Totalitarianism, marxism-leninism and technocracy

  1. Dimentio
    I would not apologise that there have been claims that marxism-leninism is a totalitarian ideology.

    I consider myself, apart from being a technocrat, to be a libertarian communist, and while I do agree with Marx in that class struggle and the relation between social classes in a given society is crucial for the development of human civilisation.

    I do not agree with the simplistic theory of dialectal materialism in its wholity though, since it assumes 1) that history will end during one point, and 2) that conflicts and struggles generates higher degrees of simplicity, culminating in a society characterised by a single node and level.

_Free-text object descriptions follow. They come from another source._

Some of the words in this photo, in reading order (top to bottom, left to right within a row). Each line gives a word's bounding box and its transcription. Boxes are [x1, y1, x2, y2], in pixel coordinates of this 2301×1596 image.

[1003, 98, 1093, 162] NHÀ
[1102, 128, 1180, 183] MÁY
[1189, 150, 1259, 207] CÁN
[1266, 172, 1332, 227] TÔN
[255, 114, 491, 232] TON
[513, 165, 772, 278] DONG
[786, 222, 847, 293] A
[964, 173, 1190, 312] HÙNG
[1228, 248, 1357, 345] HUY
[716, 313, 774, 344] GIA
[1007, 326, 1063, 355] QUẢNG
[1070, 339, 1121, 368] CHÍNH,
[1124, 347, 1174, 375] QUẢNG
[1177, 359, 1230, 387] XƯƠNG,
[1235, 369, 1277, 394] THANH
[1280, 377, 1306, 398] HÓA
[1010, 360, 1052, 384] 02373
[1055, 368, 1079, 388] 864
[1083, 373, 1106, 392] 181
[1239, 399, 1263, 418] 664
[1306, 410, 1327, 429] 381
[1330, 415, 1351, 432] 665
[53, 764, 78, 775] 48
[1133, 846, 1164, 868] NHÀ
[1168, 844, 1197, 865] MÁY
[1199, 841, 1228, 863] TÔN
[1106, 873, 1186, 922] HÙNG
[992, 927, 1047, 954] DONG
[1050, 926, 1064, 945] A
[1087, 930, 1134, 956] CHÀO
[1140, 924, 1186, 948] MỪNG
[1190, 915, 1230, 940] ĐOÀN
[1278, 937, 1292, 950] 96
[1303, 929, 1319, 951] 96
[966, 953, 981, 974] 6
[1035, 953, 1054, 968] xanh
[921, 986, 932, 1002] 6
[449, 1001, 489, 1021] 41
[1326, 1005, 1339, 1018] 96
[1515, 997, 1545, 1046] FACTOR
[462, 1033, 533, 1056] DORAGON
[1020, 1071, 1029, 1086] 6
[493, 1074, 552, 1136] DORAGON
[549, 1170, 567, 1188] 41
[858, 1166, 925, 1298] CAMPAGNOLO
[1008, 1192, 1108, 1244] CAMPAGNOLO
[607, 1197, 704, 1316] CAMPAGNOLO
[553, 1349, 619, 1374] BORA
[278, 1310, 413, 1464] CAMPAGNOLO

    While that might be an attractive idea, it is not corresponding with what we could see that evolution has provided for us in nature, which is an increasing amount of complex relationships. I think there is a high possibility that communism will arise, but that it rather than being a state of utopia will be a state of several utopias all interconnected, through advancepd multi-level systems reminding of an irl version of the internet.

    My other criticism against Marx, is his idea that human beings somewhat need to work and consume what they themselves produce in order to not feel alienated from their work. My criticism depends on how you chose to interpret that. I am the first to write up that each human beings deserves the fruit of her labor, but I am also the first to dismiss the notion that human beings need to labor in order to be psychologically healthy.

    I do not think that Marx, who was never a psycho-therapist, should be interpreted in that metaphysical way.

    Never have I called marxism in itself totalitarian (although Popper did that), but it surely offers some traps for people who like to tell others how to live their lives. Like the vanguardists for example.

    I am in a terrible disagreement with the vanguardist theory, which gives nearly enough unrestrained decision power over the lives of ordinary workers to members of an elite party of "proletarian intellectuals" who claim to speak for the conciousness of the working class.

    That will clearly produce what I would call alienation, unless the vanguard was somehow somewhat telepathically connected to the workers like in a hive society.

    Totalitarian societies are societies which are mobilising the population in order to serve a higher ideological end, and I claim that some totalitarian societies has poised themselves as "communist", while sharing few characteristics of even Marx's communism.

    Technocracy is unique in that it offers no such traps, since it has never assumed to state the meaning of human existence. Technocracy is not an ideology which is based on humanities, but on emergy economics, and the opportunity to build an egalitarian society where each person could be assigned the full autonomy over a share of the total production capacity superceding her own individual ability to produce.

    That is completely in line with communist freedom from alienation, and energy accounting also gives the people the direct, unquestionable control of the means of production, in terms of equal shares to each and every individual residing within the borders of the technate.

    If that is not communism, ladies and gentlemen, I do not know what is communism.
  2. MarxSchmarx
    MarxSchmarx
    the opportunity to build an egalitarian society where each person could be assigned the full autonomy over a share of the total production capacity superceding her own individual ability to produce...

    That is completely in line with communist freedom from alienation, and energy accounting also gives the people the direct, unquestionable control of the means of production, in terms of equal shares to each and every individual residing within the borders of the technate.
    I hardly think technocracy is unique in this regard. I mean:

    From each, according to their ability. To each, according to their need.
  3. Dimentio
    Yes, I am in agreement there.
  4. Leonid
    Leonid
    I think that you tend to misunderstand certain provision of dialectic materialism. Marx and Engels never claimed that historical process would end in some "ideal" condition. For them, Communism was but a new stage of potentially never-ending human society development.
  5. Dimentio
    I think that you tend to misunderstand certain provision of dialectic materialism. Marx and Engels never claimed that historical process would end in some "ideal" condition. For them, Communism was but a new stage of potentially never-ending human society development.
    It is not I who misunderstand here, but marxists. At least those who are semi-dogmatic.

    What I disagree with is the inherent dualism of dialectal materialism. There is never one dualistic conflict in any society, all are marked by sub-groups, agents and nodes, all interacting in complex manners which are creating emergent results. That's evolutionary theory.